We examined the effect of insulin on nuclear factor κB (NF-κB) activity in Chinese hamster ovary (CHO) cells overexpressing wild-type (CHO-R cells) or -defective insulin receptors mutated at Tyr1162 and Tyr1163 autophosphorylation sites (CHO-Y2 cells). In CHO-R cells, insulin caused a specific, time-, and concentration-dependent activation of NF-κB. The insulin-induced DNA-binding complex was identified as the p50/p65 heterodimer.

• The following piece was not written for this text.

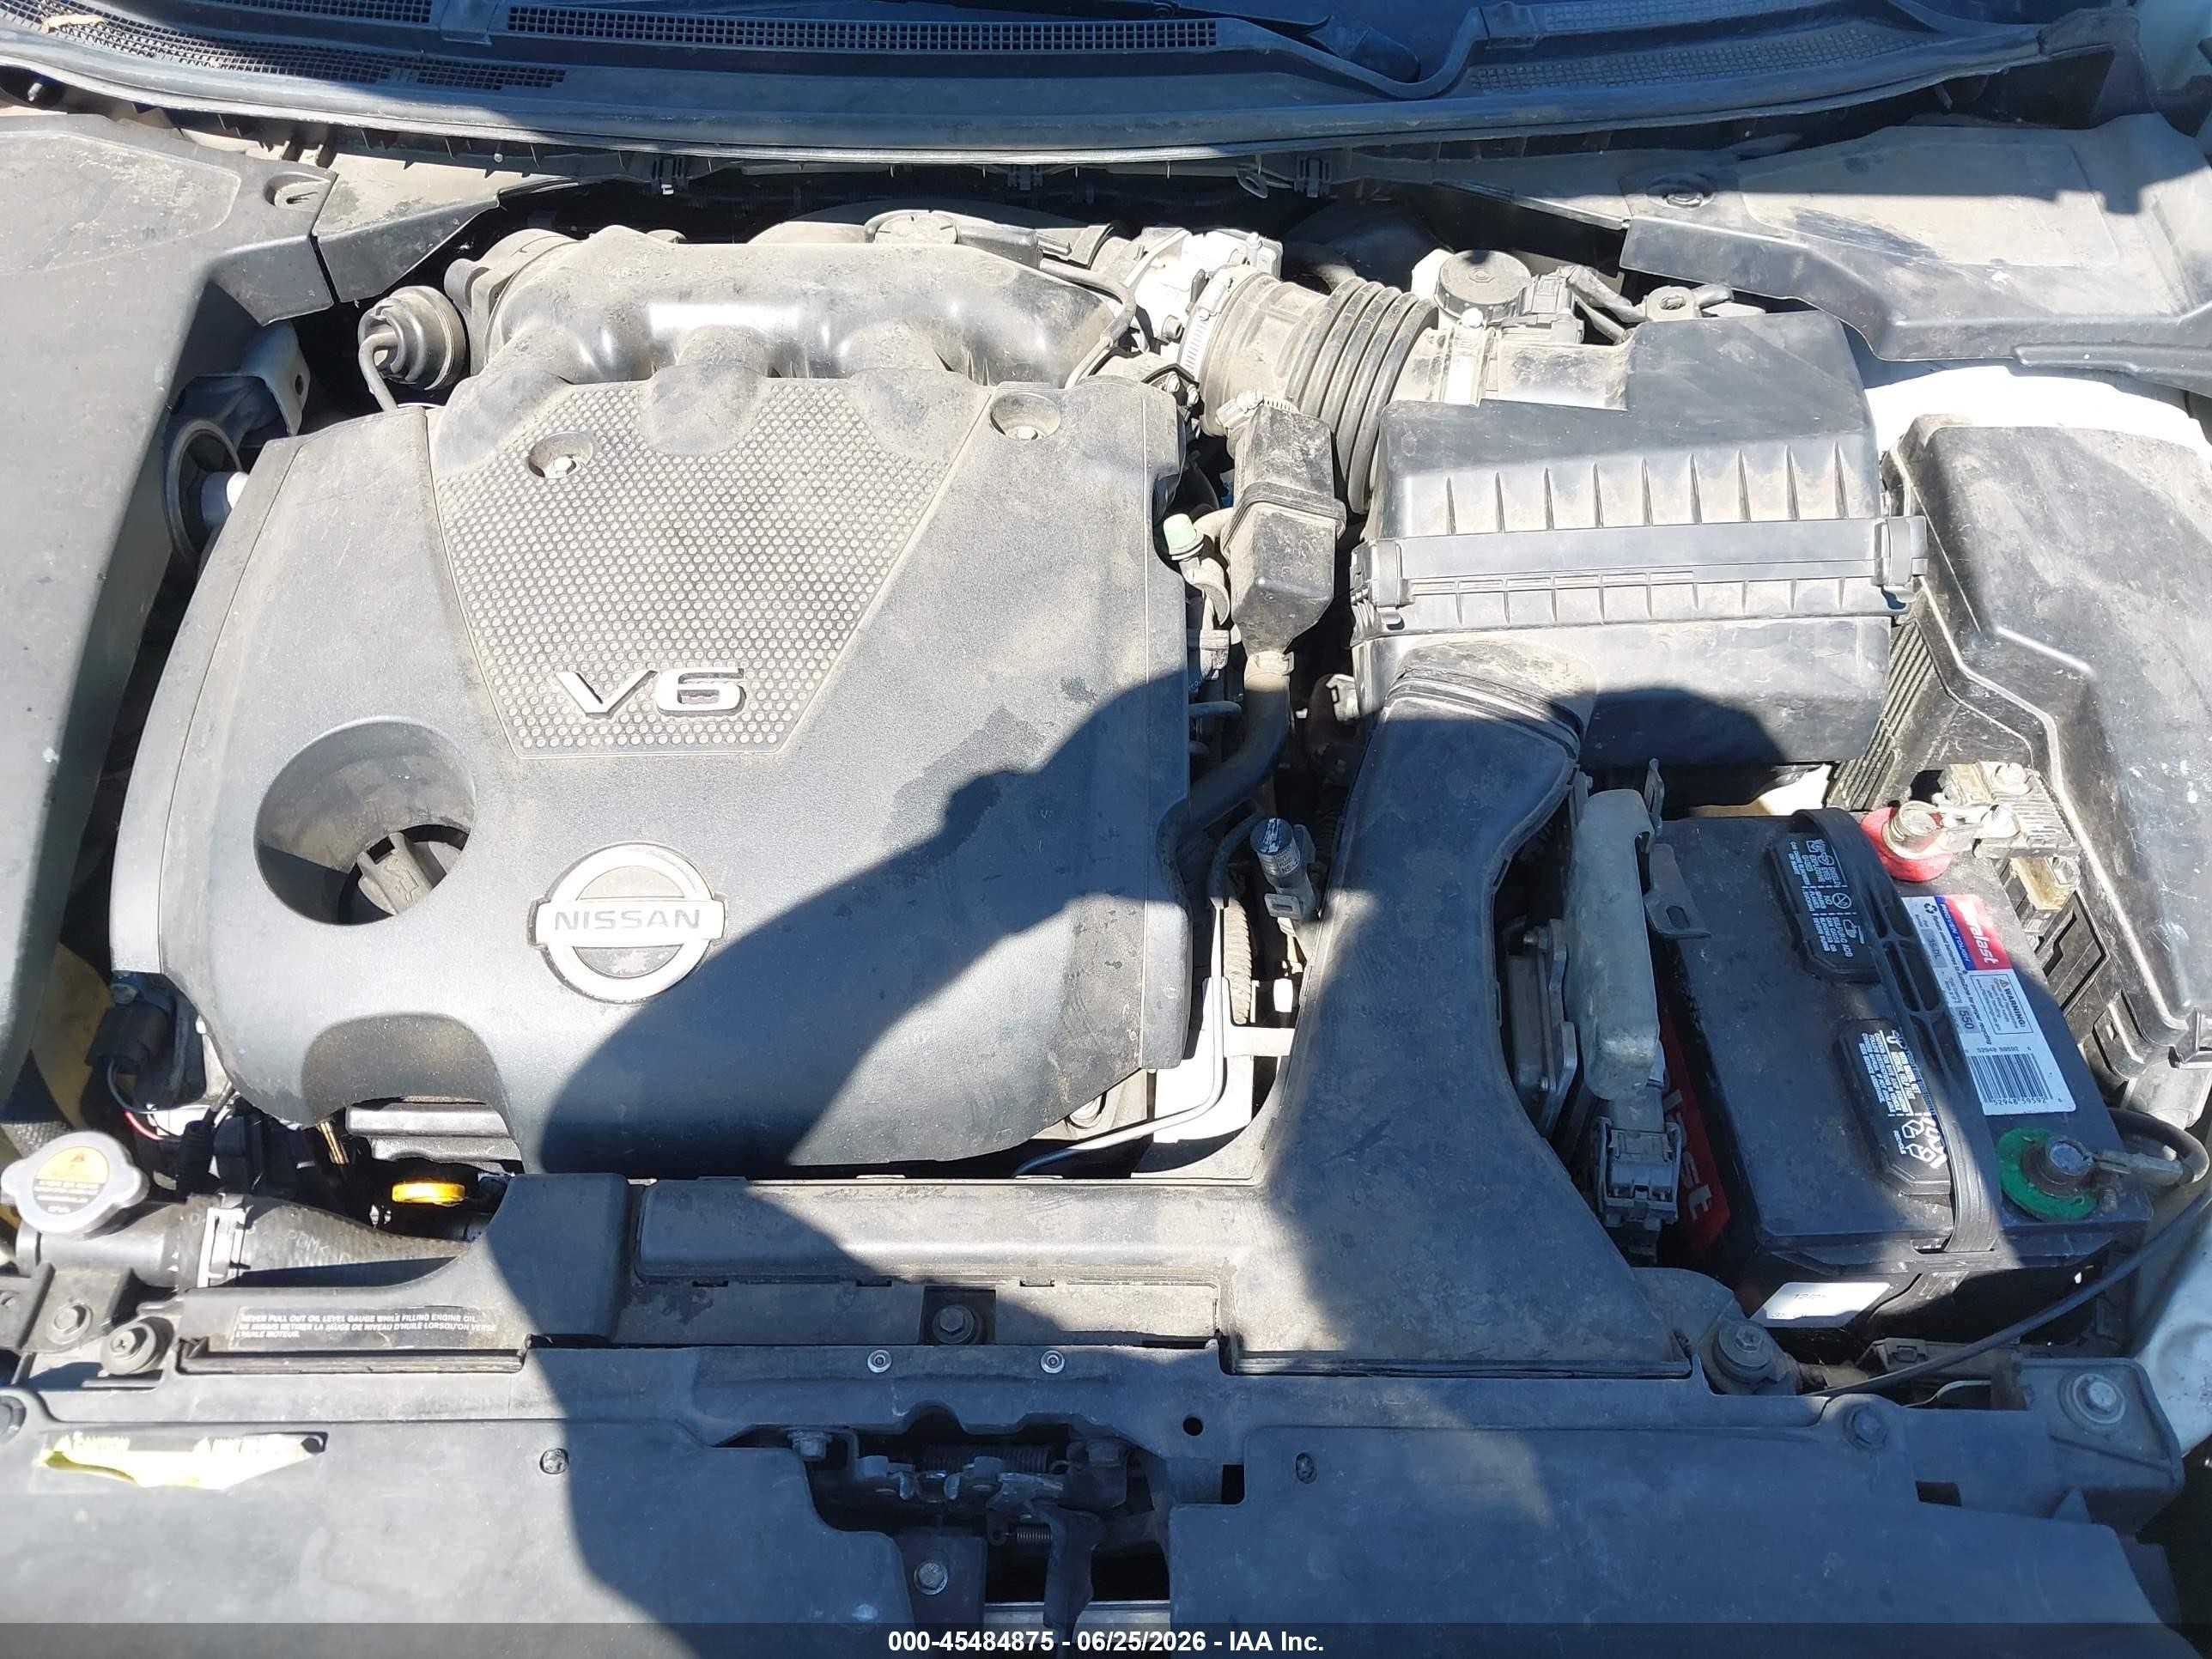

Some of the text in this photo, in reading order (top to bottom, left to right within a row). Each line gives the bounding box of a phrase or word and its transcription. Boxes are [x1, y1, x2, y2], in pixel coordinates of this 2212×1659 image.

Insulin activation of NF-κB: 1) was related to insulin receptor number and tyrosine kinase activity since it was markedly reduced in parental CHO cells which proved to respond to insulin growth factor-1 and phorbol 12-myristate 13-acetate (PMA) activation, and was dramatically decreased in CHO-Y2 cells; 2) persisted in the presence of cycloheximide and was blocked by pyrrolidine dithiocarbamate, aspirin and sodium salicylate, three compounds interfering with IκB degradation and/or NF-κB-IκB complex dissociation; 3) was independent of both PMA-sensitive and atypical (ζ) protein kinases C; and 4) was dependent on Raf-1 kinase activity since insulin-stimulated NF-κB DNA binding activity was inhibited by 8-bromo-cAMP, a Raf-1 kinase inhibitor. Moreover, insulin activation of NF-κB-driven luciferase reporter gene expression was blocked in CHO-R cells expressing a Raf-1 dominant negative mutant. This is the first evidence that insulin activates NF-κB in mammalian cells through a post-translational mechanism requiring both insulin receptor tyrosine kinase and Raf-1 kinase activities.